━━━━━ Records for the exercise ━━━━━

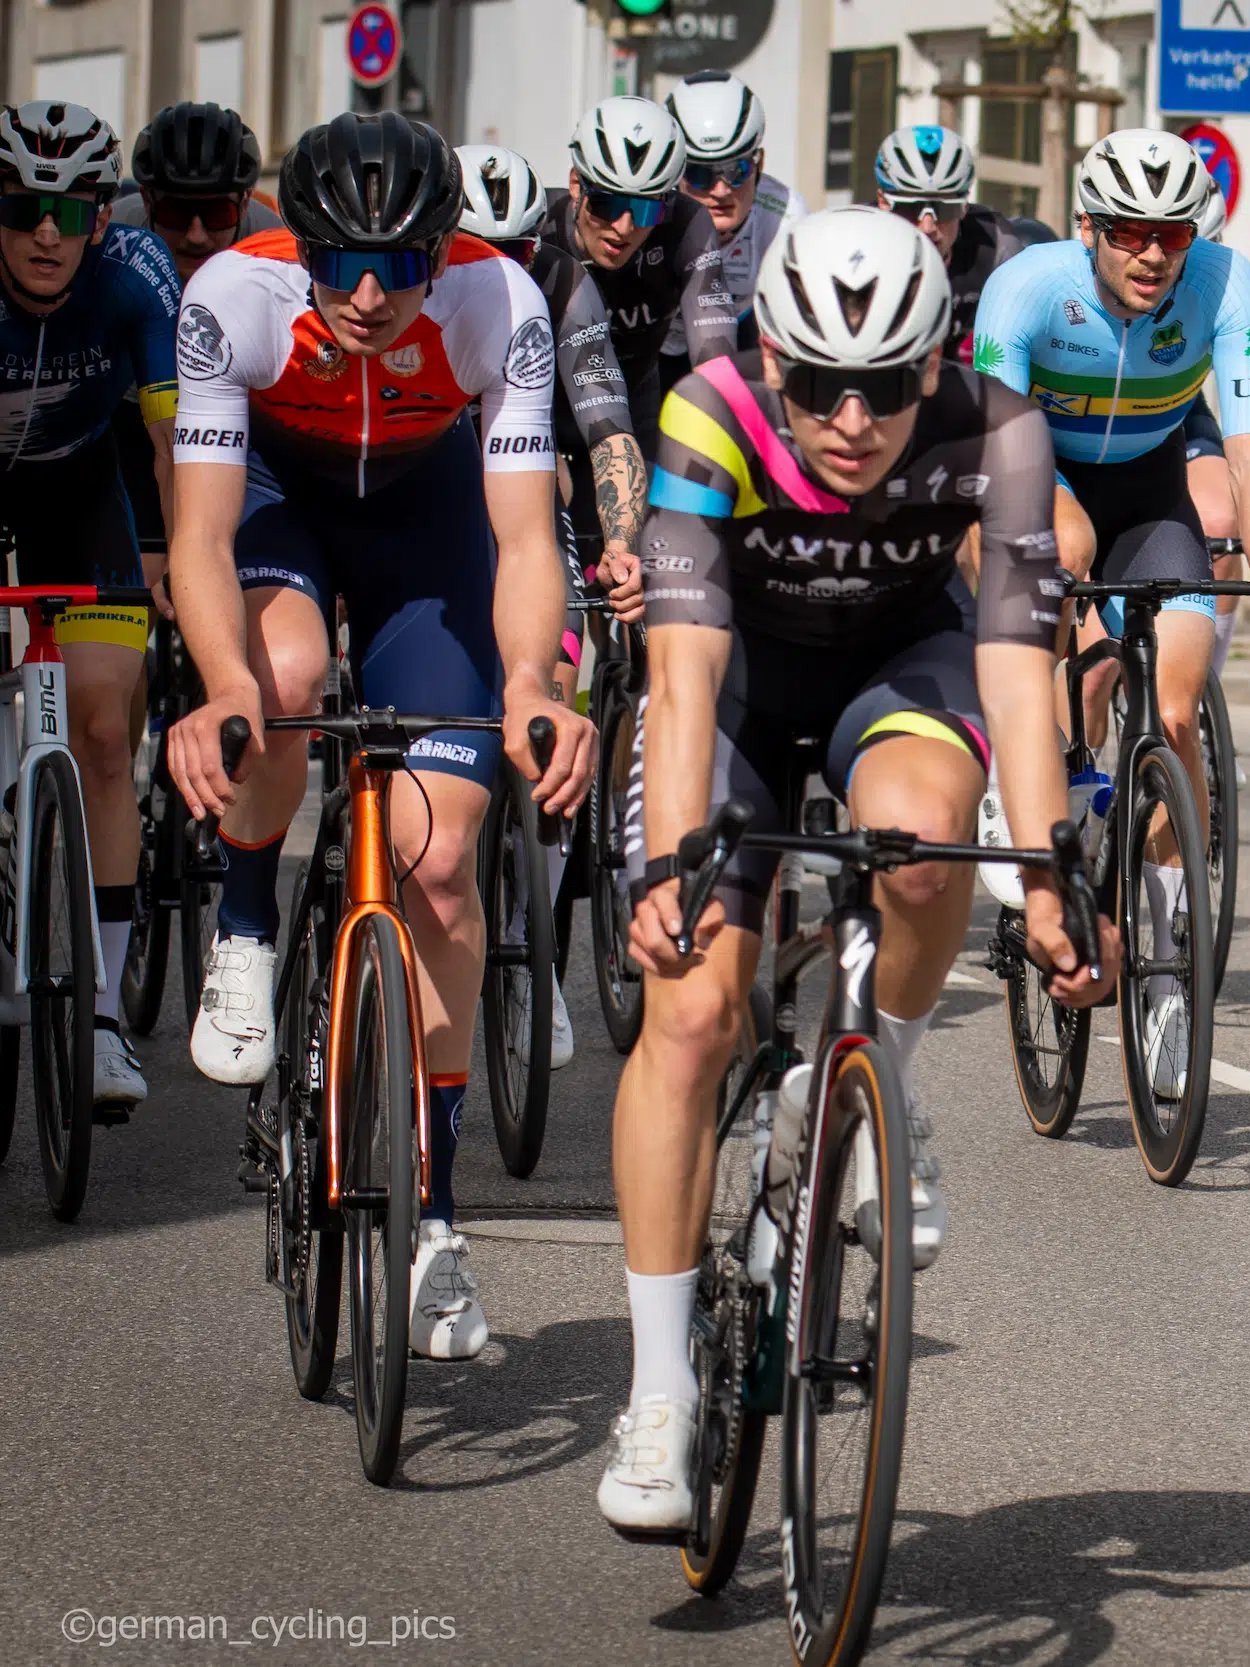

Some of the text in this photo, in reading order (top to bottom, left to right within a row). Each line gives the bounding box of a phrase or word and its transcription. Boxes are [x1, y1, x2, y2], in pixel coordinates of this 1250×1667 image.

[128, 251, 178, 318] Meine Bank
[139, 236, 182, 299] Raiffeisen
[0, 359, 111, 380] ERBIKER
[1067, 341, 1099, 357] BIKES
[489, 437, 554, 454] BIORA
[39, 668, 57, 735] BMC

━━━━━

Every entry must be transcribed exactly. Pictures do not belong in the copy.

**Response below**:
Some of the text in this photo, in reading order (top to bottom, left to right within a row). Each line gives the bounding box of a phrase or word and its transcription. Boxes are [x1, y1, x2, y2], in pixel coordinates of this 1250×1667 image.

[128, 251, 178, 318] Meine Bank
[139, 236, 182, 299] Raiffeisen
[0, 359, 111, 380] ERBIKER
[1067, 341, 1099, 357] BIKES
[489, 437, 554, 454] BIORA
[39, 668, 57, 735] BMC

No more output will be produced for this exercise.